Bila mengacu kepada UU No. 20 Tahun 2008 Tentang Usaha Mikro, Kecil dan Menengah (UU UMKM), konsep usaha Mikro, Kecil dan Menengah memiliki banyak pengertian: pertama, usaha yang didirikan untuk tujuan kegiatan ekonomi dan bukan kegiatan nirlaba; kedua, usaha yang bersifat produktif atau menghasilkan keuntungan atau laba dari usaha; ketiga, usaha yang mandiri atau berdiri sendiri bukan bagian, cabang, ataupun afiliasi dari usaha lain; dan keempat, usaha yang dimiliki oleh perseorangan ataupun badan usaha.
Sektor UMKM berperan besar dalam menyerap tenaga kerja Indonesia yang notabene masih memiliki tingkat pendidikan yang rendah. Berdasarkan BPS jumlah angkatan kerja di Indonesia pada Februari 2013 mencapai 114,0 juta orang. Dari jumlah tersebut sekitar 54,6 juta orang atau 47,90 persen di antaranya merupakan para pekerja dengan tingkat pendidikan SD ke bawah. Sedangkan pekerja dengan pendidikan diploma tercatat hanya sekitar 3,2 juta orang (2,82) persen dari pekerja dengan pendidikan sarjana hanya sebesar 7,9 juta orang (6,96 persen) (Komarudin, 2014).

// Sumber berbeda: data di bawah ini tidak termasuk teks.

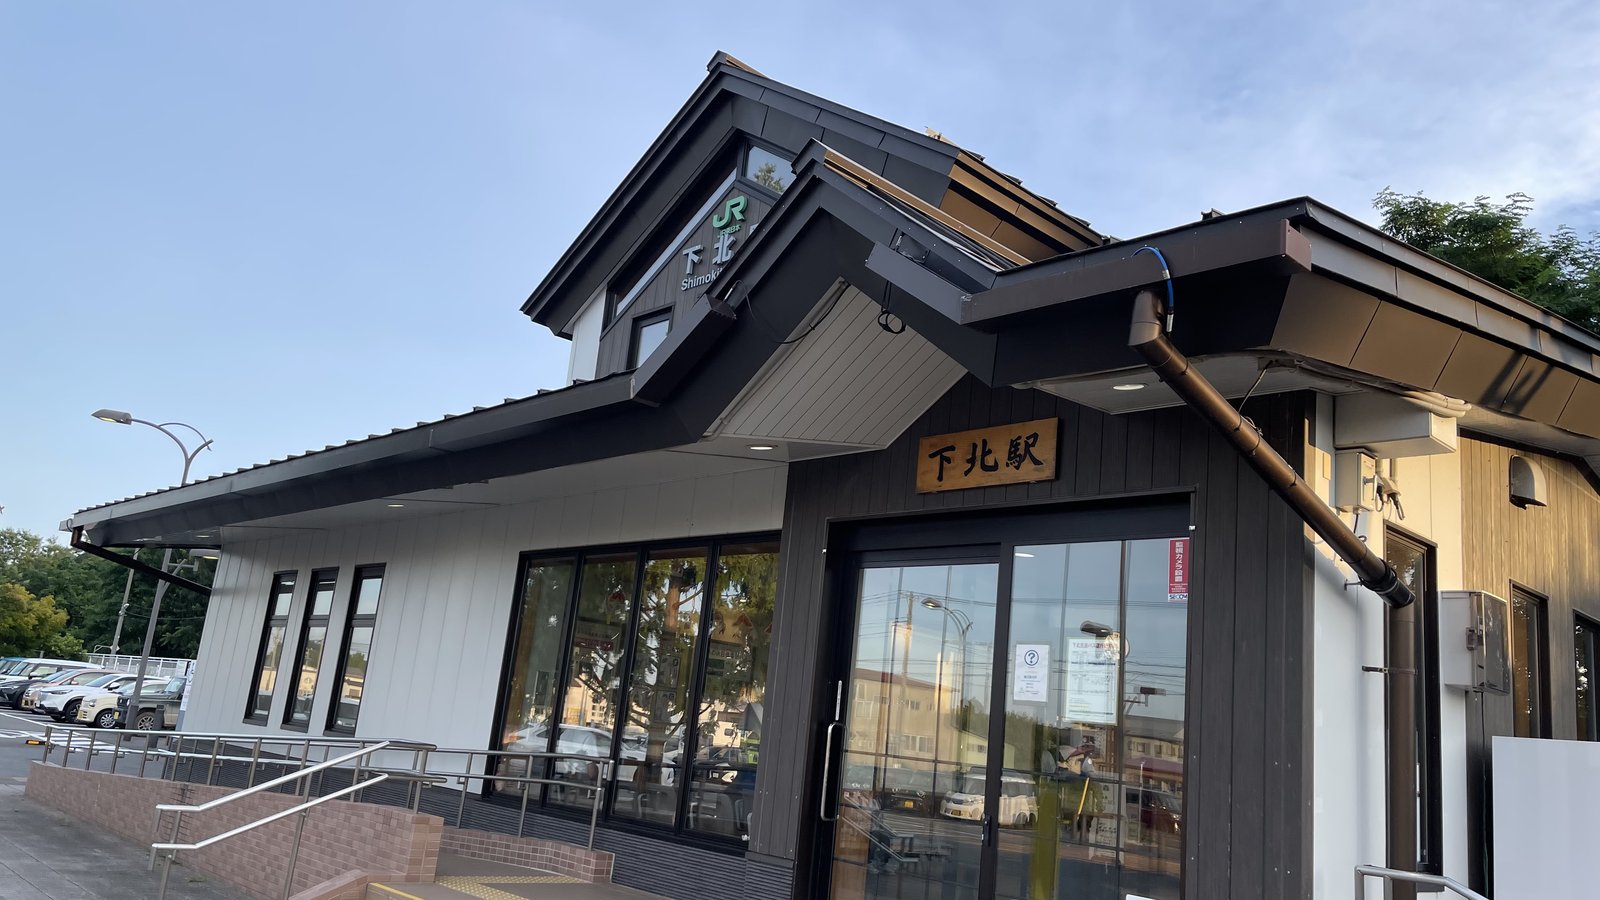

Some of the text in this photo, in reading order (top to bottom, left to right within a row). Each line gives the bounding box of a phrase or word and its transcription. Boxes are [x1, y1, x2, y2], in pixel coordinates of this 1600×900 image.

[712, 195, 747, 228] JR
[928, 431, 1044, 482] 下北駅

Sedangkan pada Februari 2017 jumlah angkatan kerja mencapai 131,55 juta. Dari jumlah tersebut sekitar 75,21 juta atau 60,39 persen merupakan para pekerja dengan tingkat pendidikan SMP ke bawah. Sedangkan pekerja dengan pendidikan tinggi hanya 15,27 juta orang (12,26 persen) dengan rincian 3,68 juta orang berstatus diploma dan 11,59 juta orang berpendidikan sarjana.
Dari data di atas dapat kita lihat, sebagian besar penduduk Indonesia hanya mempu bekerja di level bawah yang tidak memperlukan keahlian khusus, seperti di sektor pertanian, perkebunan, perdagangan, perikanan, dan menjadi buruh sektor jasa yang merupakan bidang UMKM selama ini.

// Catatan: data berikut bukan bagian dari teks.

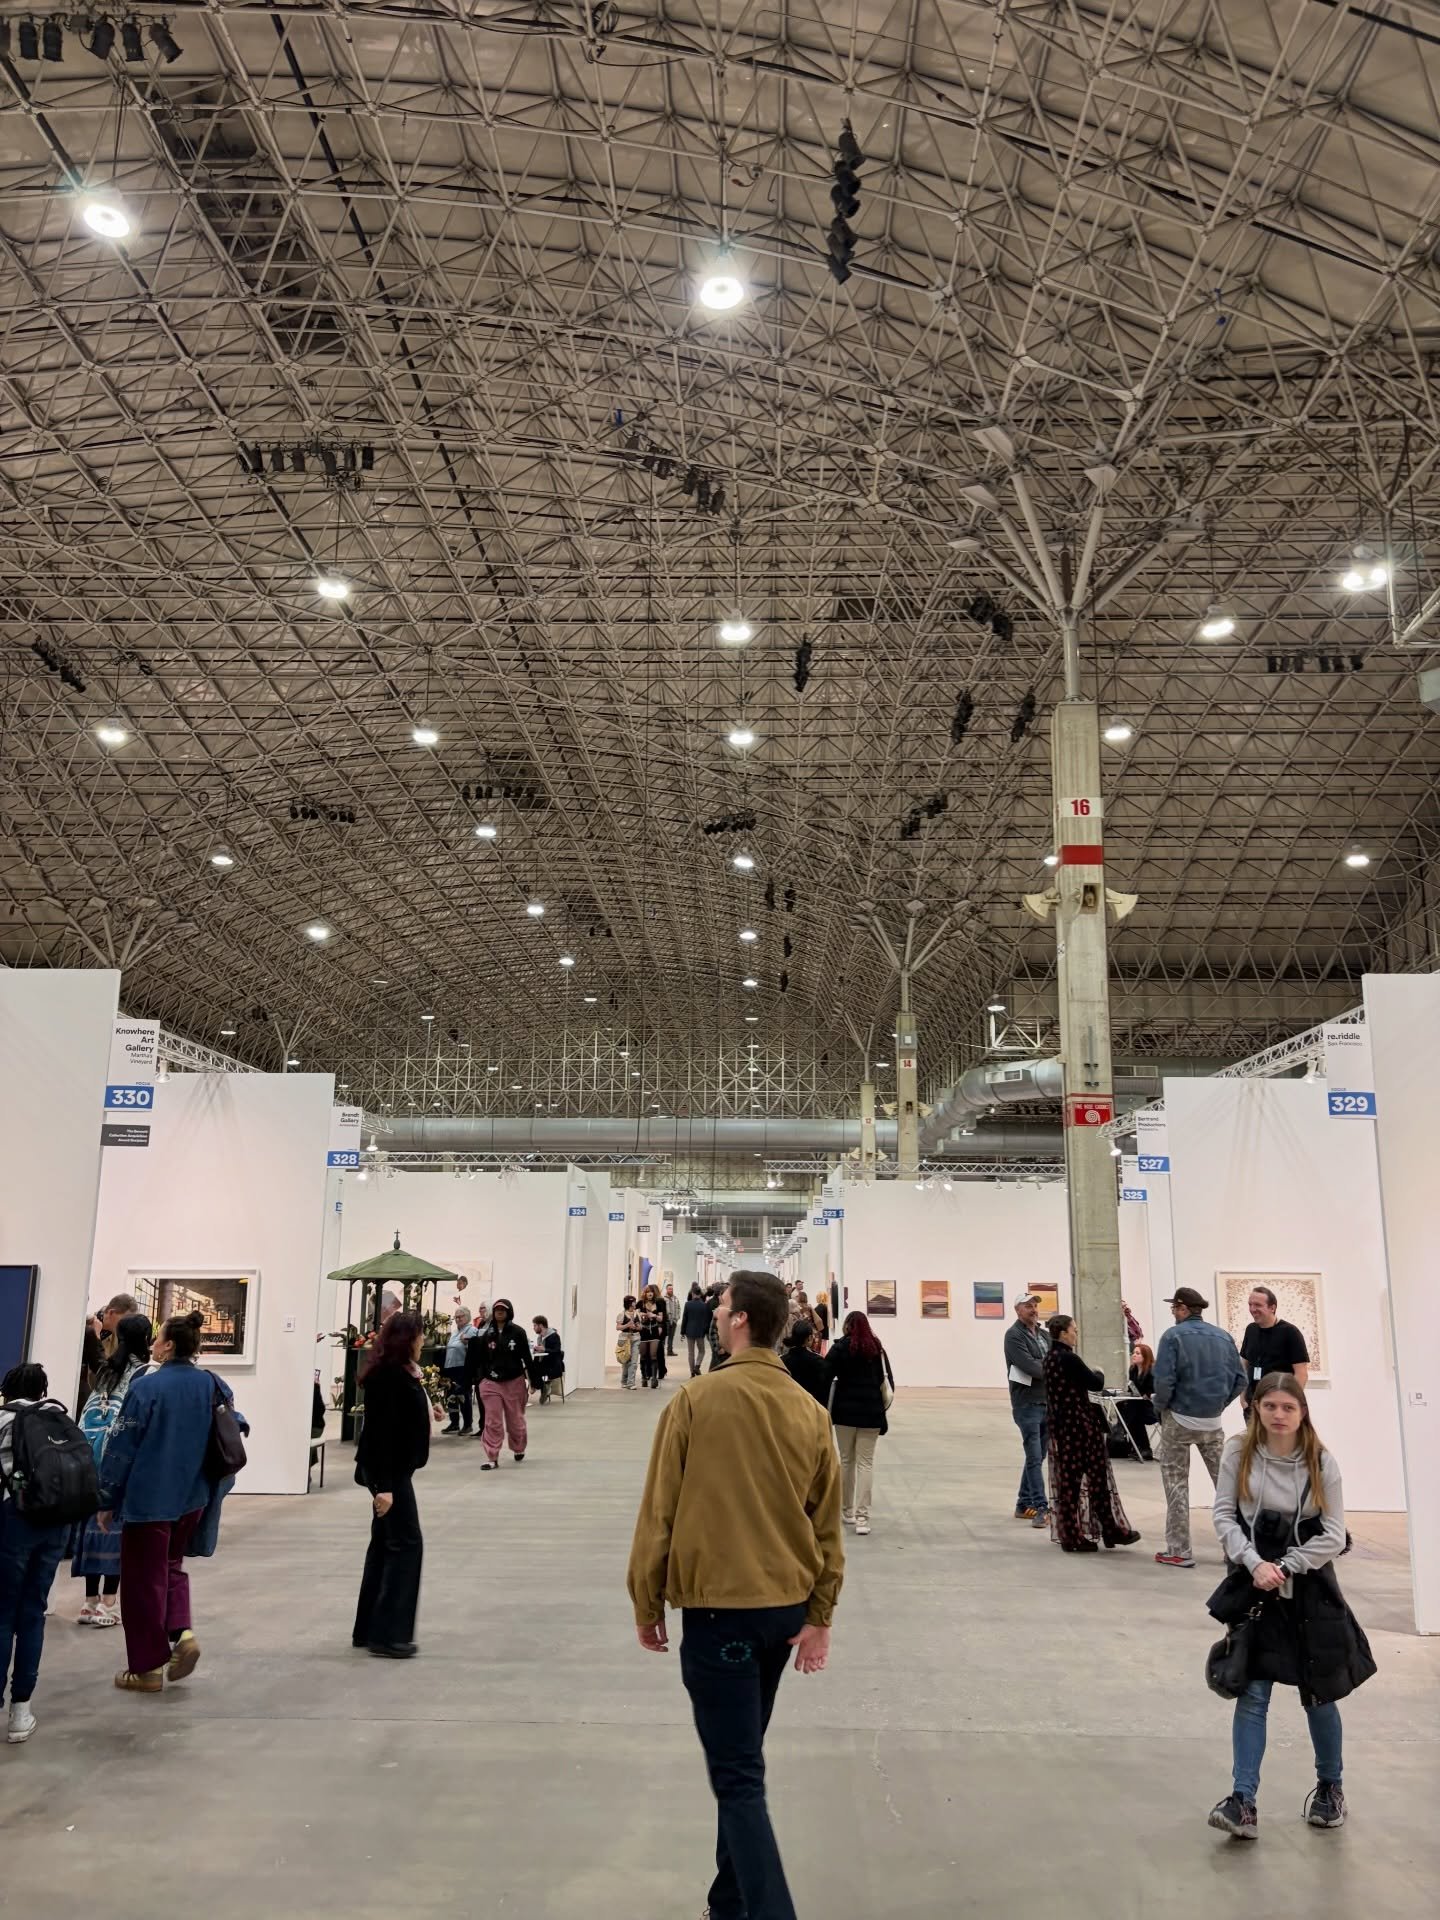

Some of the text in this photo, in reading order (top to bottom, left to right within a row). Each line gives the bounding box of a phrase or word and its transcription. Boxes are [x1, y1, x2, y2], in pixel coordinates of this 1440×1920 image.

Menurut Menteri Koperasi dan UMK Sjarifuddin Hasan jumlah UMKM pada 2013 saja telah menembus angka 55,2 juta unit dengan sebagian besar (54,6 juta) merupakan usaha mikro, sedangkan usaha kecil sebanyak 602,195 unit dan usaha menengah 44,280 unit. Penyerapan tenaga kerja UMKM sebanyak 101,72 juta orang atau meningkat 2,33 % dibanding 2010 sebanyak 99,401 juta orang (Komarudin, 2014).
Selama ini UMKM telah memberikan kontribusi pada Produk Domestik Bruto (PBD) sebesar 57-60 % dan tingkat penyerapan tenaga kerja sekitar 97 % dari seluruh tenaga kerja nasional (Profil Bisnis UMKM oleh LPPI dan BI tahun 2015). Hal ini menunjukkan bahwa sektor koperasi dan UMKM tetap menjadi kontributor terbesar dalam penyerapan tenaga kerja dan kesempatan berusaha.
Sayangnya, dalam konteks Indonesia, potensi besar UMKM tersebut, belum dimanfaatkan dengan baik. Sektor ini telah lama menjadi tumpuan dari 92,72 % tenaga kerja di luar pemerintah dan usaha besar, seharusnya menduduki tempat penting dalam wajah ekonomi Indonesia pasca kritis (Sutrisno, 2009).
Alih-alih mendapat perhatian, saat ini UMKM malah lebih banyak menghadapi masalah, seperti rendahnya produktivitas, keterbatasan akses kepada sumber daya produktif seperti modal, teknologi, informasi dan pasar, kualitas sumberdaya manusia yang rendah serta iklim usaha yang belum menunjang secara optimal (Suzetta, 2008). Ditambah lagi, situasi globalisasi dan liberalisasi yang menyulitkan berkembang secara optimal (Komarudin, 2014).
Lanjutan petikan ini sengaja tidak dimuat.